# Kaplan-Meier survival analysis

Command: | Statistics Survival analysis Kaplan-Meier survival analysis |

## Description

Performs survival analysis and generates a Kaplan-Meier survival plot.

In clinical trials the investigator is often interested in the time until participants in a study present a specific event or endpoint. This event usually is a clinical outcome such as death, disappearance of a tumor, etc.

The participants will be followed beginning at a certain starting-point, and the time will be recorded needed for the event of interest to occur.

Usually, the end of the study is reached before all participants have presented this event, and the outcome of the remaining patients is unknown. Also the outcome is unknown of those participants who have withdrawn from the study. For all these cases the time of follow-up is recorded (censored data).

In MedCalc, these data can be analyzed by means of a *life-table*, or *Kaplan-Meier curve*, which is the most common method to describe survival characteristics.

## How to enter data

To be able to analyze the data, you need to enter the data in the spreadsheet as follows:

- in one column, a code can be entered to assign the case to a particular group (study group - control group).
- in a second column, the survival time has to recorded
- in a third column, it must be recorded whether or not the case has reached the endpoint (by entering the code 1) or whether the time is censored, i.e. the outcome is unknown (by entering the code 0);

The order of these columns is of course not important. Also, the rows do not have to be sorted in any way.

The case in row 1 belonged to group 1, and reached the endpoint after 10 units of time. The case in row 3 also belonged to group 1 and was followed for 9 units of time. The outcome of this case is unknown (withdrawn from study, or end of study) (data from Freireich et al., Blood 1963; 21:699-716).

From these data, MedCalc can easily calculate and construct the Kaplan-Meier curve.

## Required input

In this dialog box the following data need to be entered:

**Survival time**The name of the variable containing the time to reach the event of interest, or the time of follow-up.**Endpoint**The name of a variable containing codes 1 for the cases that have reached the endpoint, or code 0 for the cases that have not reached the endpoint, either because they withdrew from the study, or the end of the study was reached. If your data are coded differently, you can use the Define status tool to recode your data.**Factor**For*Factor*select a qualitative or discrete variable (grouping variable - GROUP in the example). This qualitative factor may either be character or numeric codes. These codes are used to break-up the data into several subgroups. If you want to study the effect of a continues variable on survival time, you can convert this continuous variable into a discrete variable using the Create groups tools.MedCalc will allow comparison of survival curves for up to 6 subgroups.

If no

*Factor*variable is selected, then MedCalc will display only one survival curve (all data are considered to belong to one group).**Select**A filter to include only a selected subgroup of cases in the graph.**Options****Linear trend for factor levels**: allows testing for a linear trend across levels of the factor (Altman, 1991). It is appropriate if factor levels have a natural ordering (for example, factor codes represent doses applied to different groups). Kaplan-Meier assumes that the factor levels are equally spaced.**Graph**:- Survival probability (%): plot Survival probability (%) against time (descending curves)

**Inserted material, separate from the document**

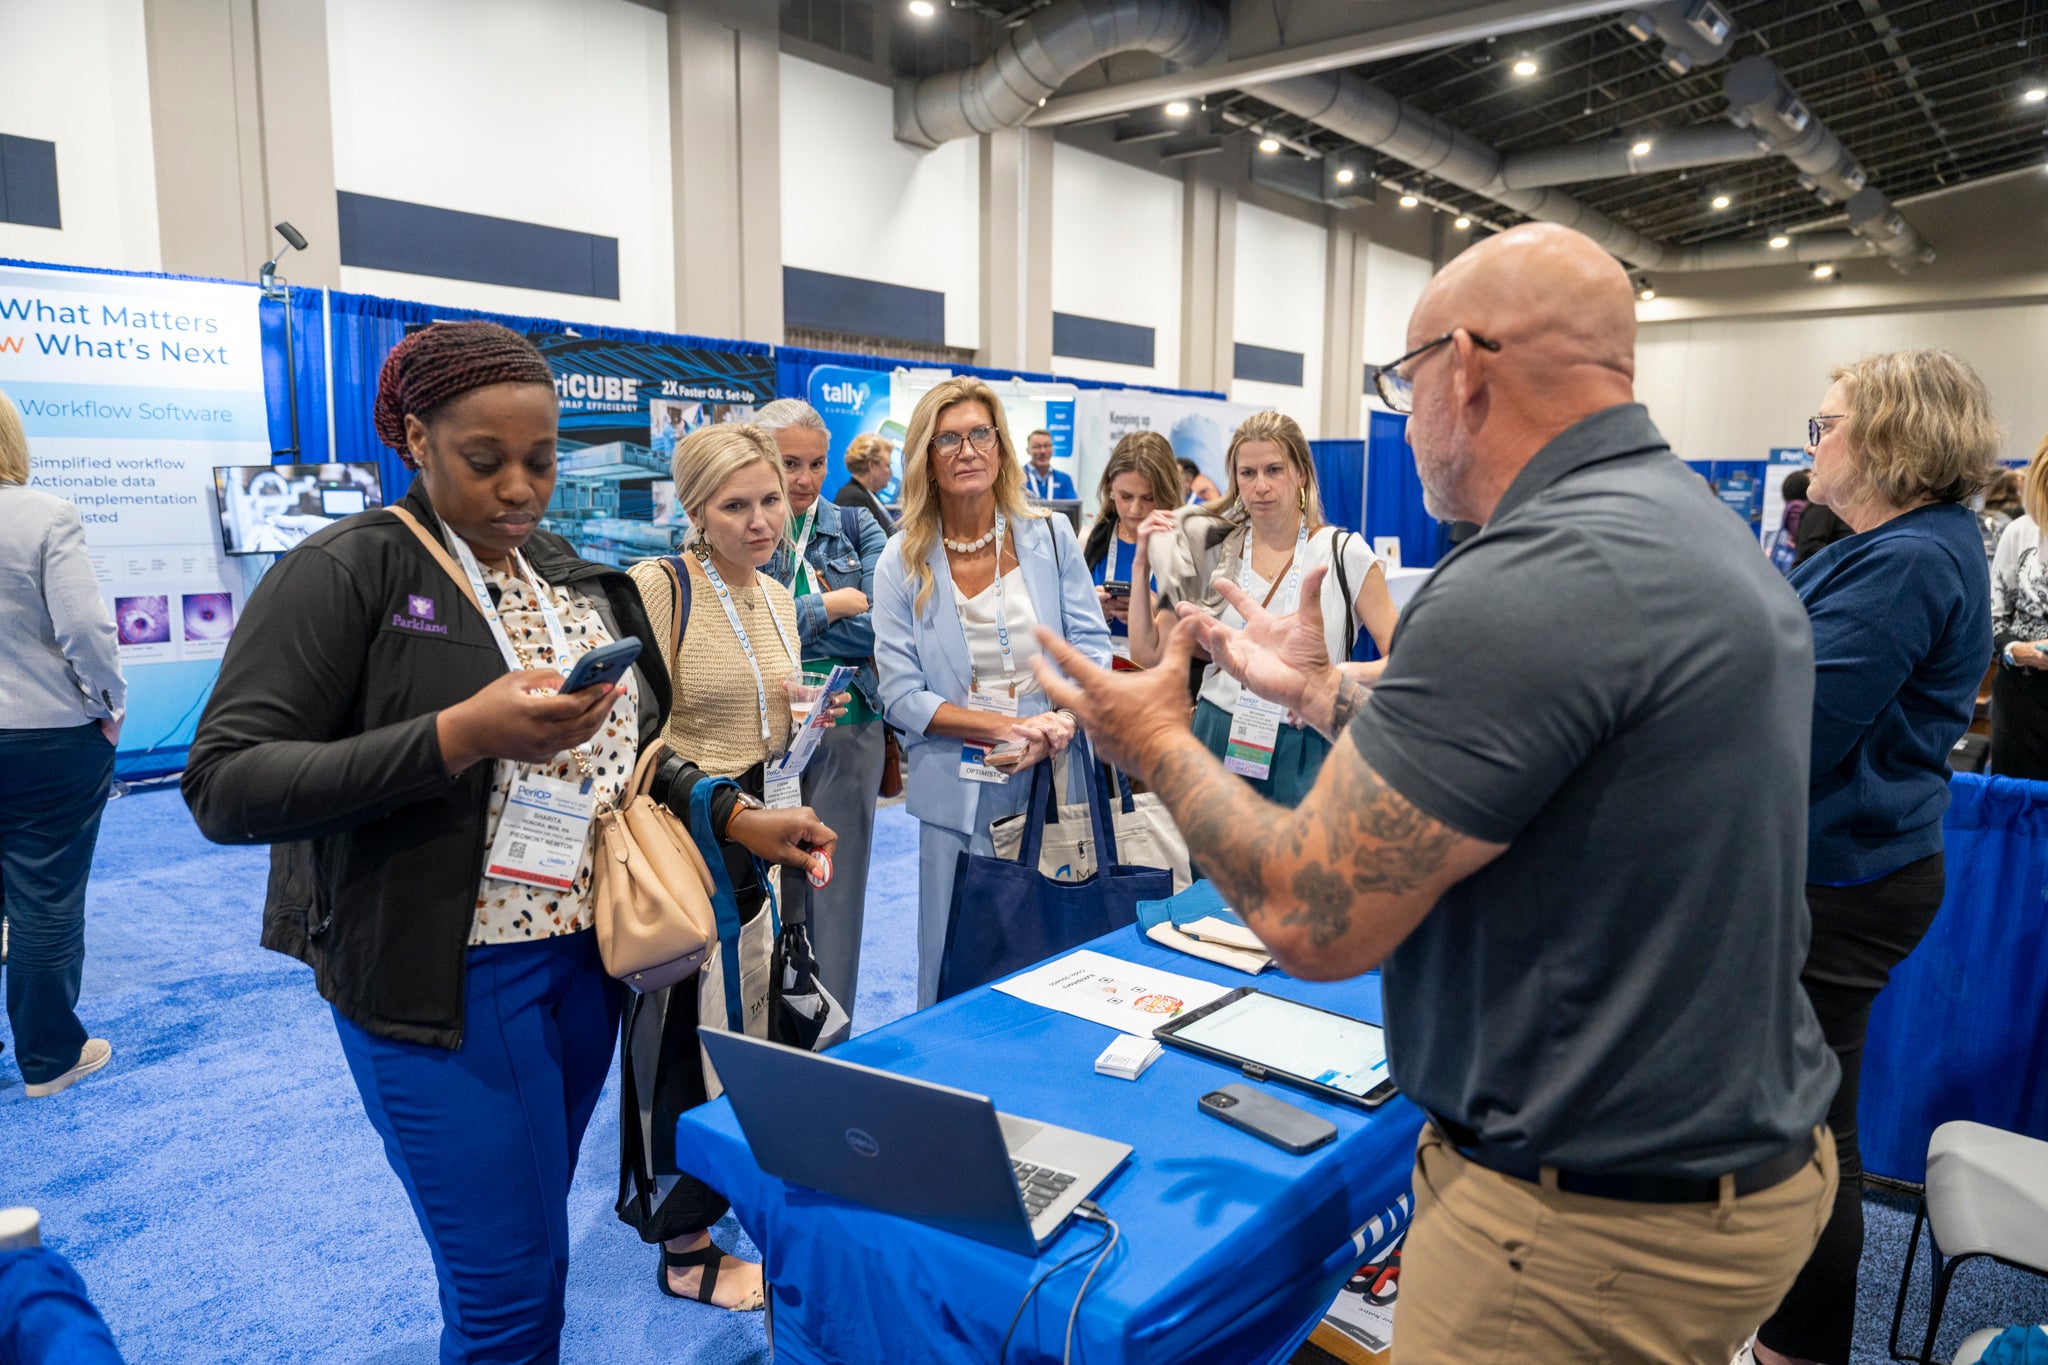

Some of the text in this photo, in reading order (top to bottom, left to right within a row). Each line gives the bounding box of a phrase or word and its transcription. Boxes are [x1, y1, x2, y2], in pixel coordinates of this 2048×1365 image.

- 100 - Survival probability (%): plot 100 - Survival probability (%) against time (ascending curves)

**Include 95% CI in graph**: Allows to plot the 95% confidence interval for the survival curves.**Mark censored data in graph**: Mark censored data in the graph with a small vertical line.**Number at risk table below graph**: Shows a table below the graph with the number of subjects at risk.- Survival probability (%): plot Survival probability (%) against time (descending curves)

When all data have been entered click the OK button, and the program will open 2 windows: one with the survival graphs, and one with the mathematical results.

## Graph

The survival curves are drawn as a step function, as shown in the following example:

With the option "Include 95% CI in graph" selected, the graph looks like this:

When the option "Number at risk table below graph" is selected, the result is:

## Results

### Cases summary

This table shows the number of cases that reached the endpoint (Number of events), the number of cases that did not reach the endpoint (Number censored), and the total number of cases.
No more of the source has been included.